The Necessary Stage's new play Civilised takes on colonialism

(Clockwise from top) The cast of Civilised is Ghafir Akbar, Lian Sutton (yes, in pigtails), Siti Khalijah Zainal, Koh Wan Ching and Edith Podesta.
(Clockwise from top) The cast of Civilised is Ghafir Akbar, Lian Sutton (yes, in pigtails), Siti Khalijah Zainal, Koh Wan Ching and Edith Podesta.PHOTO: THE NECESSARY STAGE

SINGAPORE - The Necessary Stage's (TNS) latest play Civilised deals with the fact that even today, historical narratives tend to equate the arrival of colonial forces with "civilisation", or a better way of living.

But is it right to say that Christopher Columbus "discovered" America or that Stamford Raffles made Singapore great?

Civilised takes on colonialism past and present and runs from May 15 to 26 at The Necessary Stage Black Box. It is the 120th play written by the company's resident playwright Haresh Sharma and is directed by TNS' artistic director Alvin Tan. Tickets are almost sold out.

Despite the timing, Civilised was not created in response to Singapore's Bicentennial celebration marking Raffles' arrival. It started as a cross-cultural project with an overseas theatre company that was later shelved. The intent was always to explore colonisation past and present and beyond the Little Red Dot, according to director Tan and the company's general manager Melissa Lim.

Lim adds: "We were also thinking of how China uses economic might to wield power over African countries. It was very, very consciously looking at not just Singapore."

Sharma says: "What stood out for me is the fact that we are living very 'colonised' lives, often without even knowing it."

He adds: "When we think of colonisation, we usually talk about England, France and so on colonising countries in the past. But there's so much more to it. What kind of 'legacy' does the coloniser leave behind? How does the newly independent country pick up the post-colonial pieces?"

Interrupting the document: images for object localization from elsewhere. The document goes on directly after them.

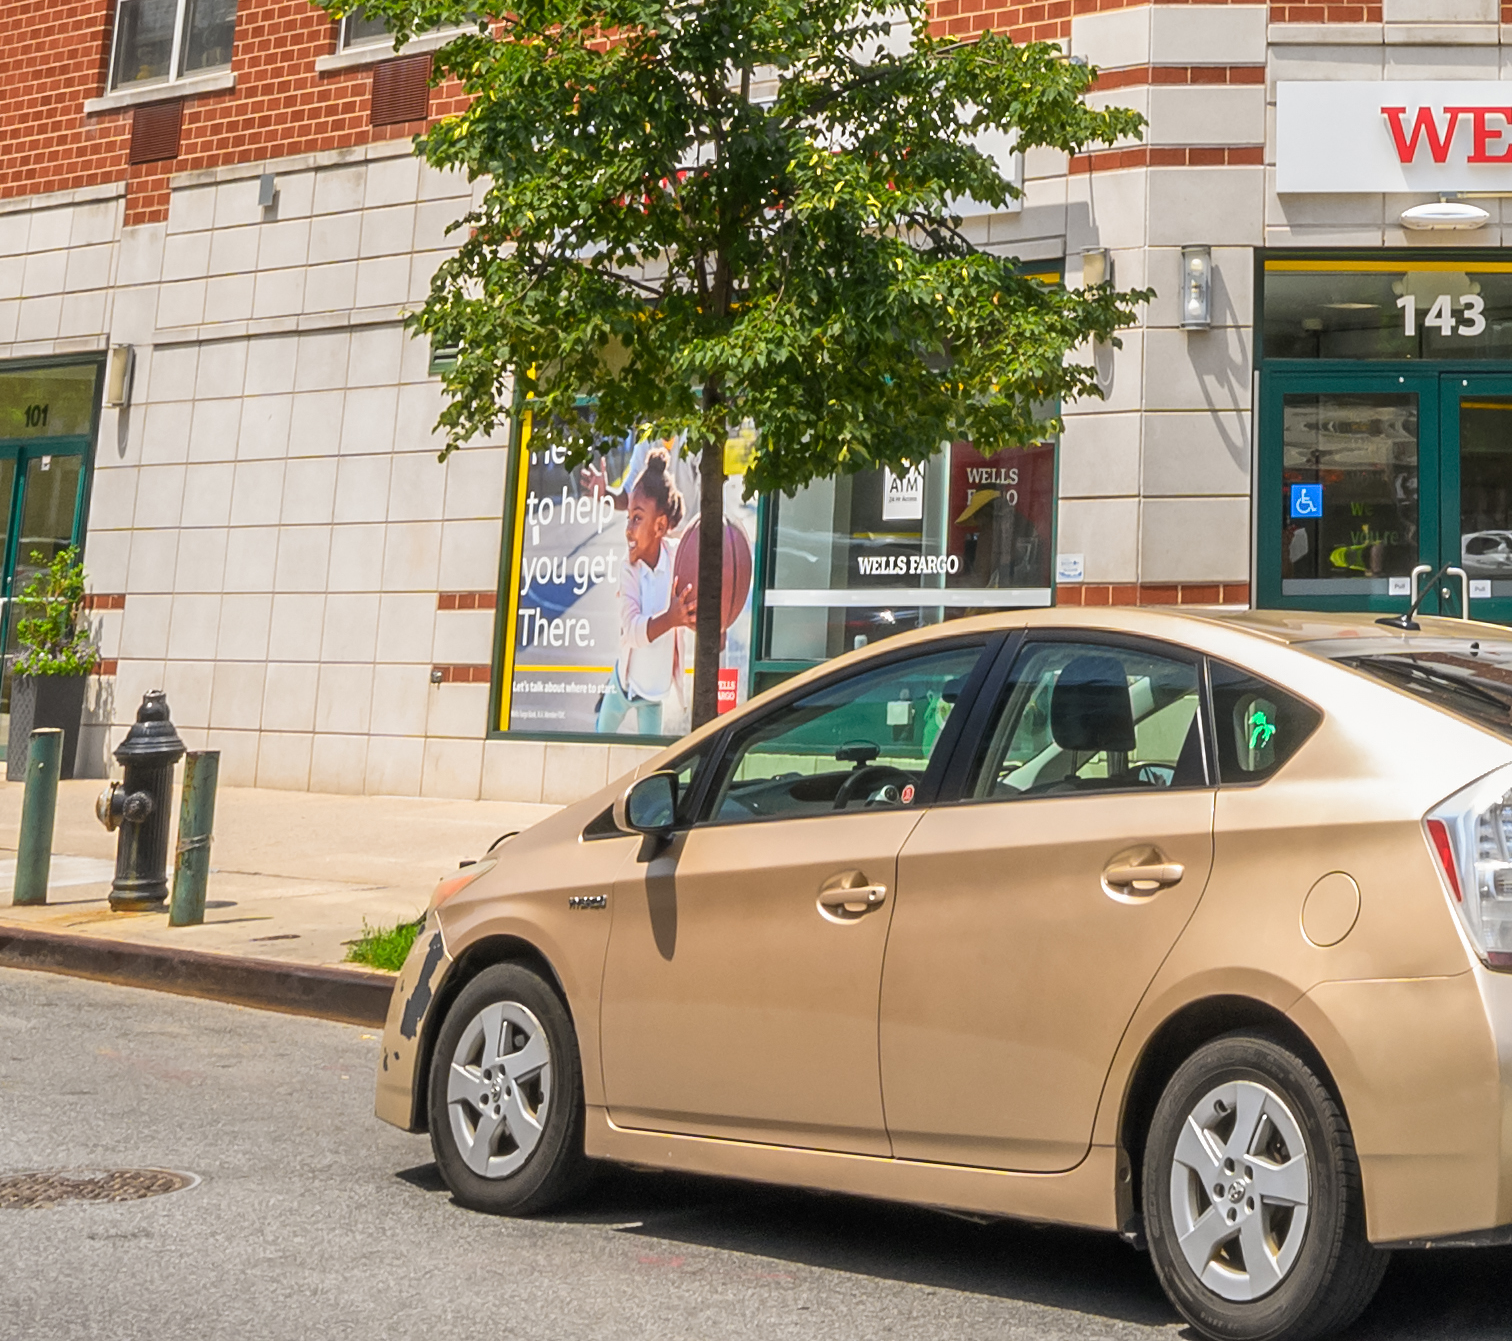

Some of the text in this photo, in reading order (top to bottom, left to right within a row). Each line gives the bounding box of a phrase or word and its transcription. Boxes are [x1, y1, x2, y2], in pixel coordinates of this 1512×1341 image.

[1395, 294, 1487, 337] 143
[24, 403, 49, 428] 101
[966, 467, 1019, 485] WELLS
[526, 484, 614, 534] to help
[519, 548, 618, 597] you get
[857, 554, 960, 576] WELLS FARGO
[1394, 582, 1406, 590] Pull
[1474, 585, 1486, 593] Pull
[517, 607, 596, 647] There.
[512, 680, 618, 694] Let's talk about where to start.
[718, 680, 737, 691] ELLS

Director Tan notes that the legacy of colonial rule remains in the laws, language and customs of the post-colonial nation. For example, Singapore's penal code was inherited from the British system, as are those of many other countries former under British rule. Why were the laws of the colonial power retained rather having new laws written for the new nation? "Convenience and pragmatism is not an excuse," he says.

  • book it / Civilised

  • WHERE: The Necessary Stage Black Box, 278 Marine Parade Road, Marine Parade Community Building, B1-02

    WHEN: May 15 to 26. Limited seats available for May 16, 8pm.

    ADMISSION: from Sistic (call 6348-5555 or go to Limited seats.

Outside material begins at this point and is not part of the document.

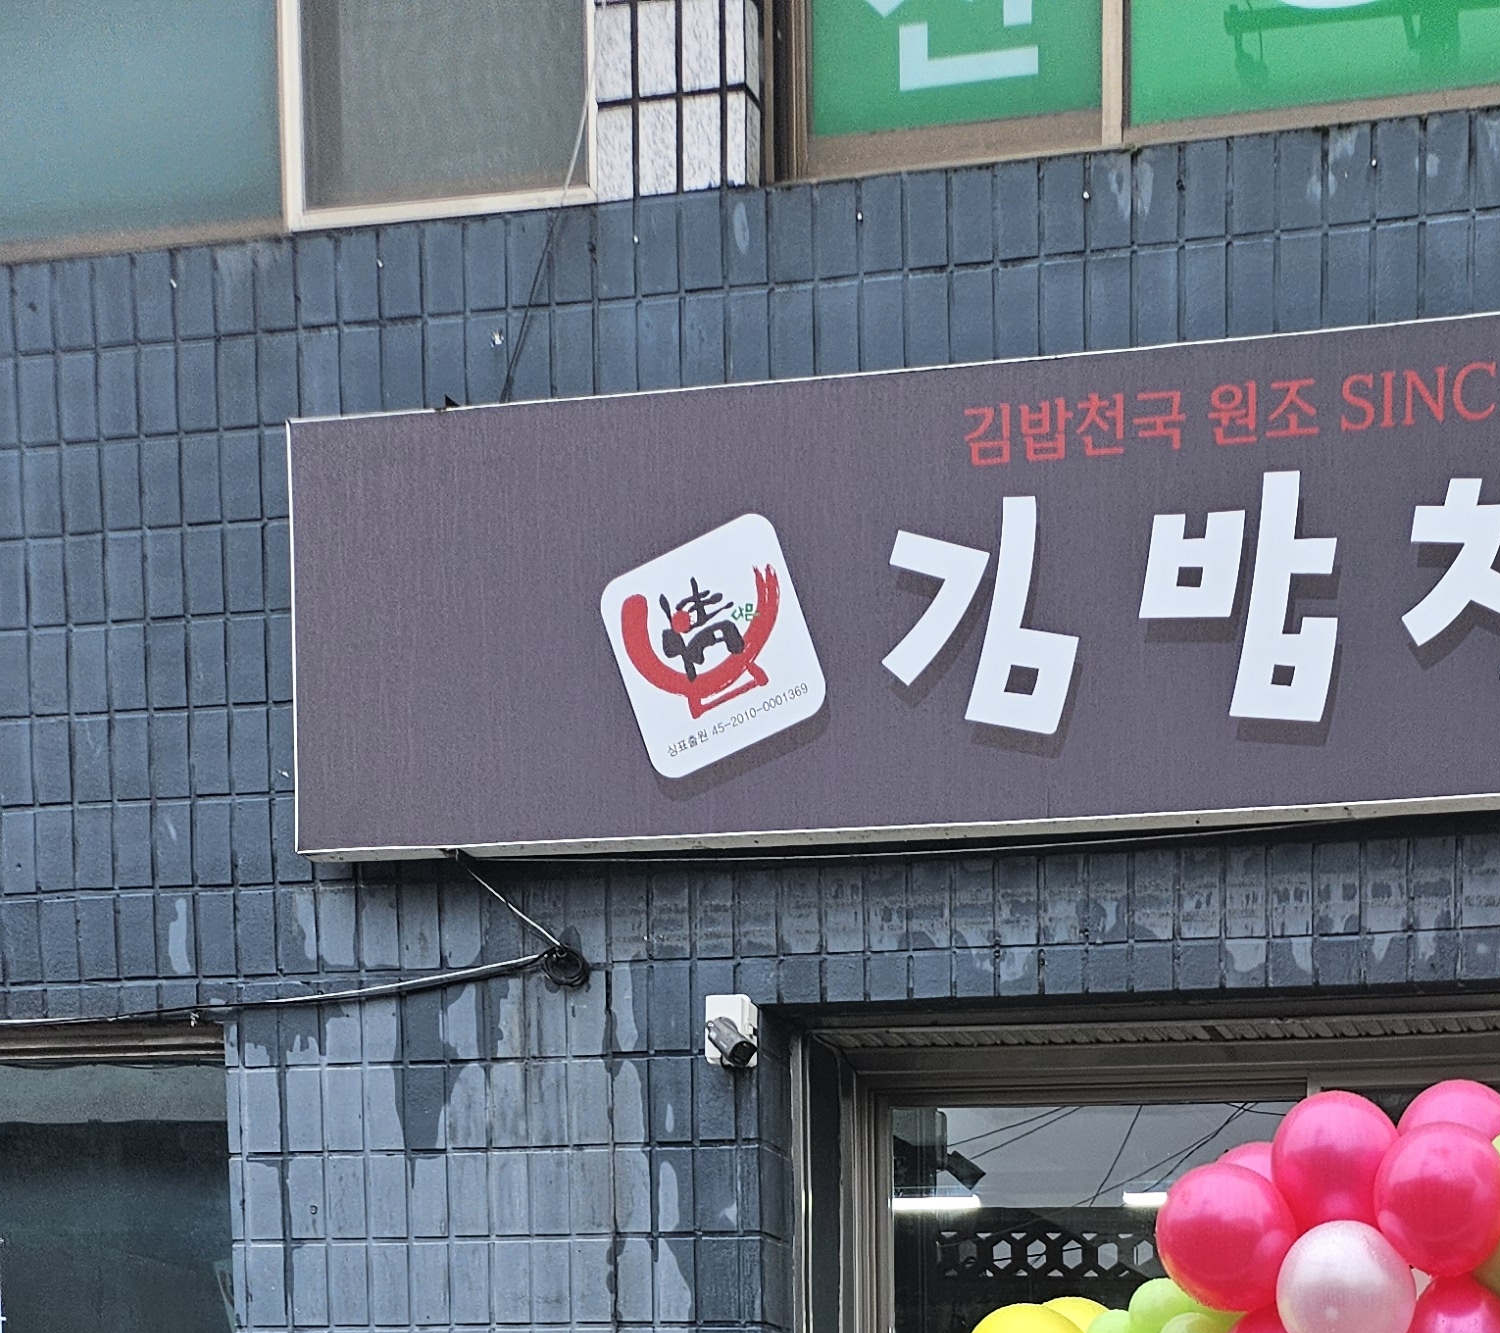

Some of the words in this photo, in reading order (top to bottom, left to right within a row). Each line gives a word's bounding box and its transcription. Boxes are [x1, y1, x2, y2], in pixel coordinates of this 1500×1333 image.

[964, 391, 1187, 466] 김밥천국
[1208, 379, 1320, 446] 원조
[711, 683, 809, 737] 45-2010-0001369

    RATING: R18 (mature content and coarse language)

The legacy of colonial rule also plays out in the histories of the cast, which includes performers from Australia (Edith Podesta), Malaysia (Ghafir Akbar and Lian Sutton) as well as Singapore (Koh Wan Ching and Siti Khalijah Zainal).

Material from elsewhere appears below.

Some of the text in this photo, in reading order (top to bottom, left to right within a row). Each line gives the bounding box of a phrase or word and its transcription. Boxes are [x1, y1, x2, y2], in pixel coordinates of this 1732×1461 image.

Podesta, 39, is the descendant of Italian immigrants to Australia and grew up learning of both the horrendous treatment meted to the First Nations of Australia by colonial authorities, as well as the fact that Italian immigrants were looked down on, rather than embraced.

Sutton, 27, recalls making a conscious decision when he was very young to speak like his English father, rather than his Malaysian Chinese mother, because of how differently he was treated when he used the British accent.

He notes that his father, who loves Malaysia, still exhibits signs of colonial pride on occasion. "Where is that coming from, this idea that we wouldn't have toilets or roads if it wasn't for the British?"

Director Tan speaks of "decolonising" Singapore theatre. Theatre-makers have aimed to do this for several decades now, including through intercultural and multilingual theatre and embracing Singlish on stage. At the same time, he recalls conversations with late theatre doyen Kuo Pao Kun, where Kuo contended that decolonisation was near impossible - even Singlish is a relic of colonial rule.

What then is the answer? Lim says: "It's better that we acknowledge that we are colonised and decolonise in any way possible."

Sharma adds: "Civilised, as with many TNS plays, provides more questions than answers. But the journey for the audience will be riotous and fun."